Dear God, if there is anything distracting me from my purpose, remove it now.
It wasn’t a loud or long prayer. But those were the words. The next morning, I checked my Facebook account and couldn’t get in. I submitted a request for a password reset and waited. I tried several times over the next few hours, but it appeared my Facebook and Instagram accounts had been closed and permanently removed. I believe they were hacked. I submitted an appeal but was unsuccessful. Just like that, my 4,000 Facebook friends were gone.
A few friends urged me to fight for my account. I was tempted. I researched methods influencers previously used to back door their way into their accounts. But the elusive Facebook “Customer Service,” seemed to exist in a deep auto-response abyss. I didn’t feel compelled to push any further and let it go.

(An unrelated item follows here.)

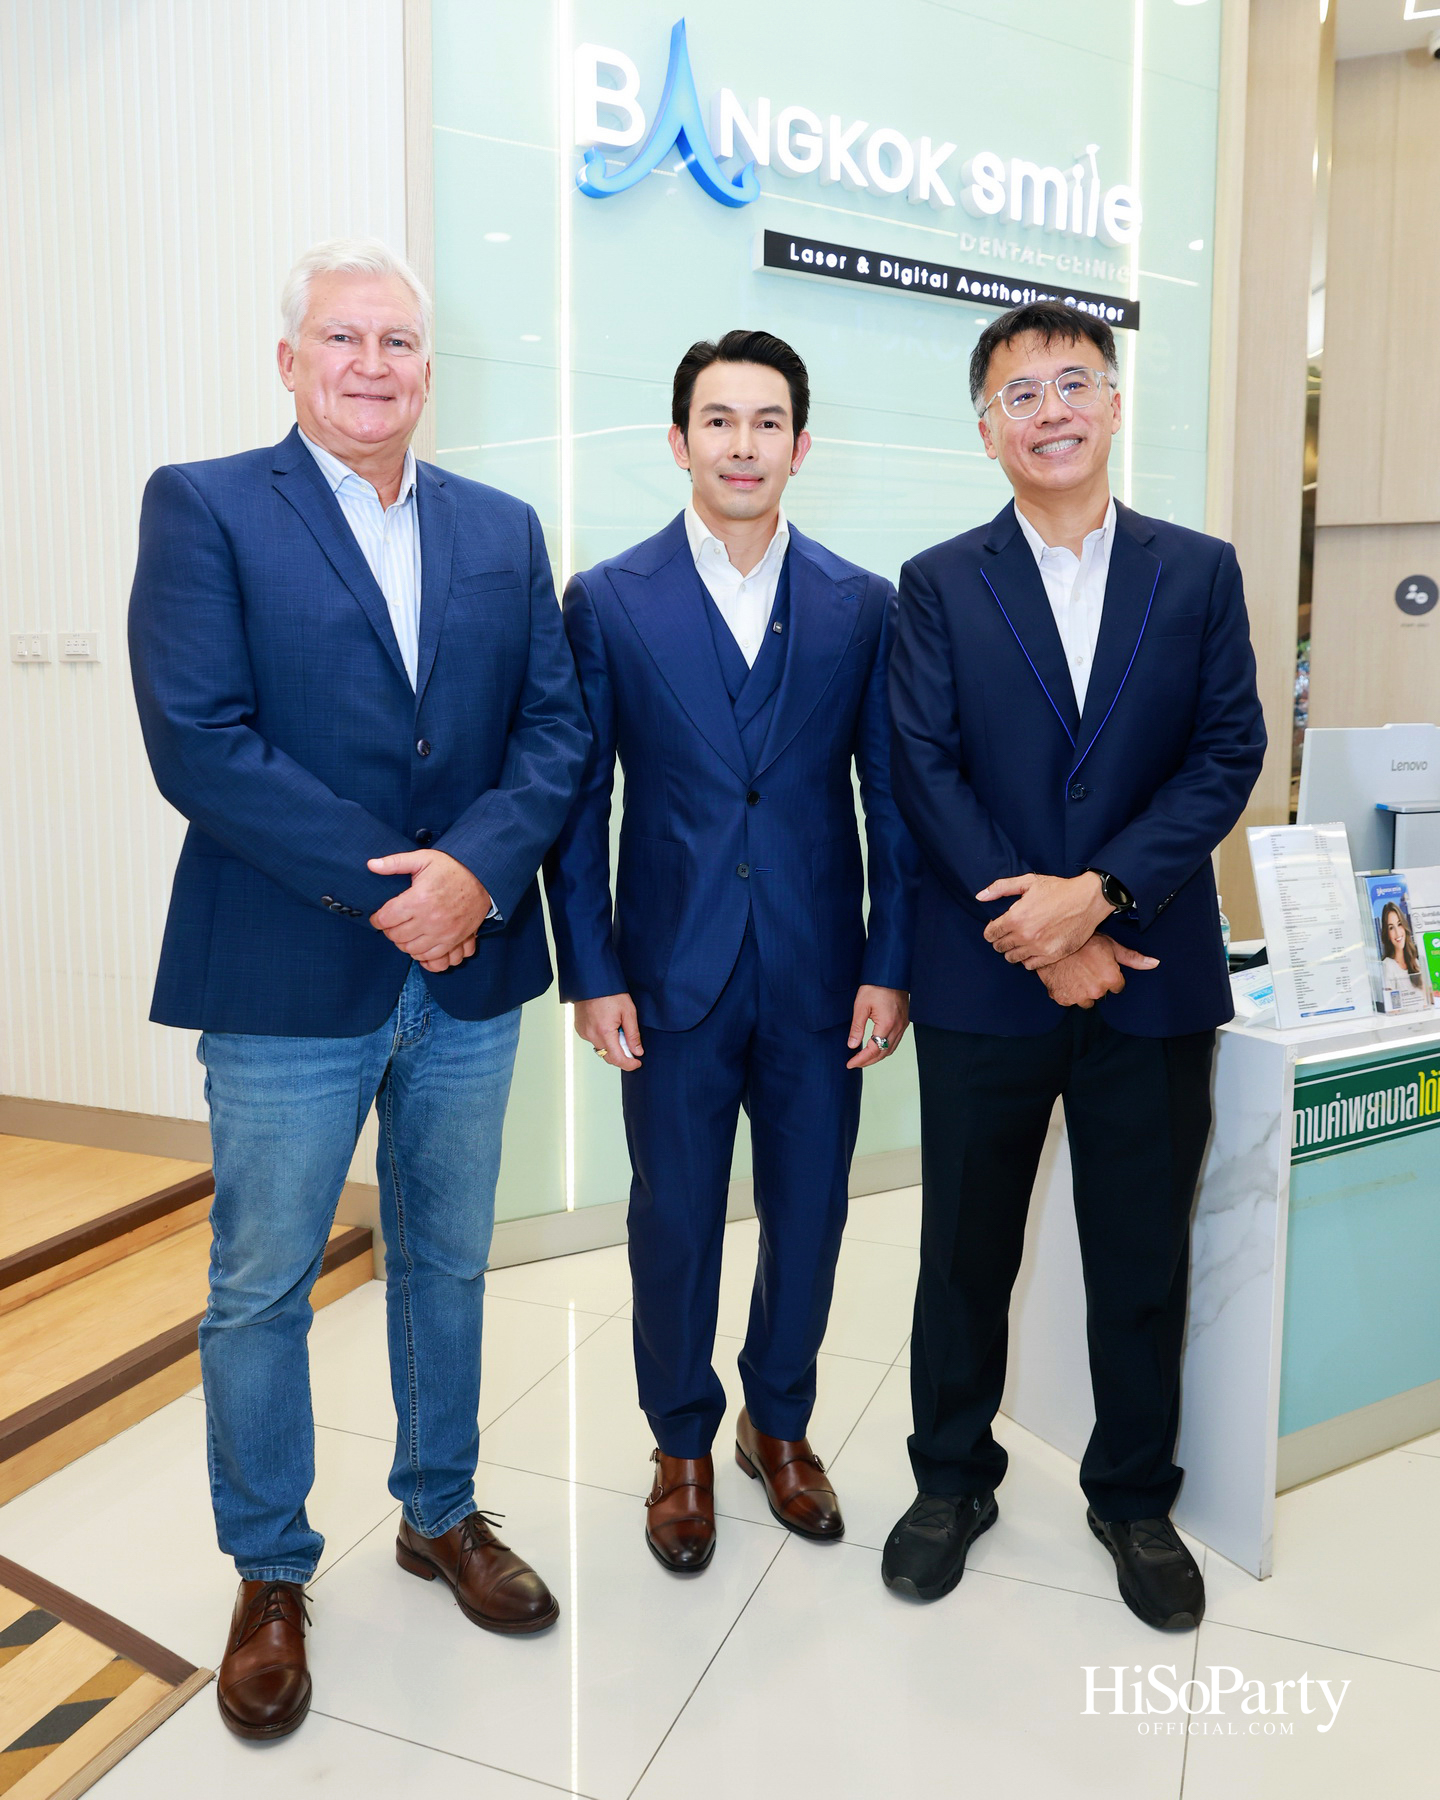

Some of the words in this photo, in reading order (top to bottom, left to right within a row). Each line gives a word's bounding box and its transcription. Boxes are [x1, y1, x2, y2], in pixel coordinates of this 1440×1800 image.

After a few days, I was less irritated, more curious. Then remembered that cursory prayer. Now, I’m not sure if this was God or not. But He allowed it and if I suspect God is up to something I pause. The only other thing I felt led to do was to set up a new account and add a few family and friends for emergency sake. (This was quarantine season). I missed many friends but realized we’d eventually connect. And it became painfully obvious, I wasn’t sure who half of those 4,000 people were. In some instances, I was merely accepting requests and adding numbers. (That’s a sermon right there, but we’re going to keep it moving). Regardless, I took this “social shutdown” as God’s strange, yet purposeful will. During my quiet time of meditation, the words “fresh start” dropped in my spirit. Wow.
A Fresh Start Indeed.
I know it took a minute to get here, but I thought the backstory was important. My “divine” social media shutdown was a reminder. God often jolts us into a shift or detaches us from people or things to get our attention. I was fine with that. Why? I was in survival mode, waving the white flag that appeared to be invisible. I was proactive about nothing and living on autopilot. In my defense, a lot had happened. My husband had gotten sick and in and out the hospital over a two-year period with multiple procedures. The result was an emotionally and spiritually drained me. I didn’t even have the time or energy to use the spa package my husband had gifted me during the holidays. A fresh start across the board was well in order.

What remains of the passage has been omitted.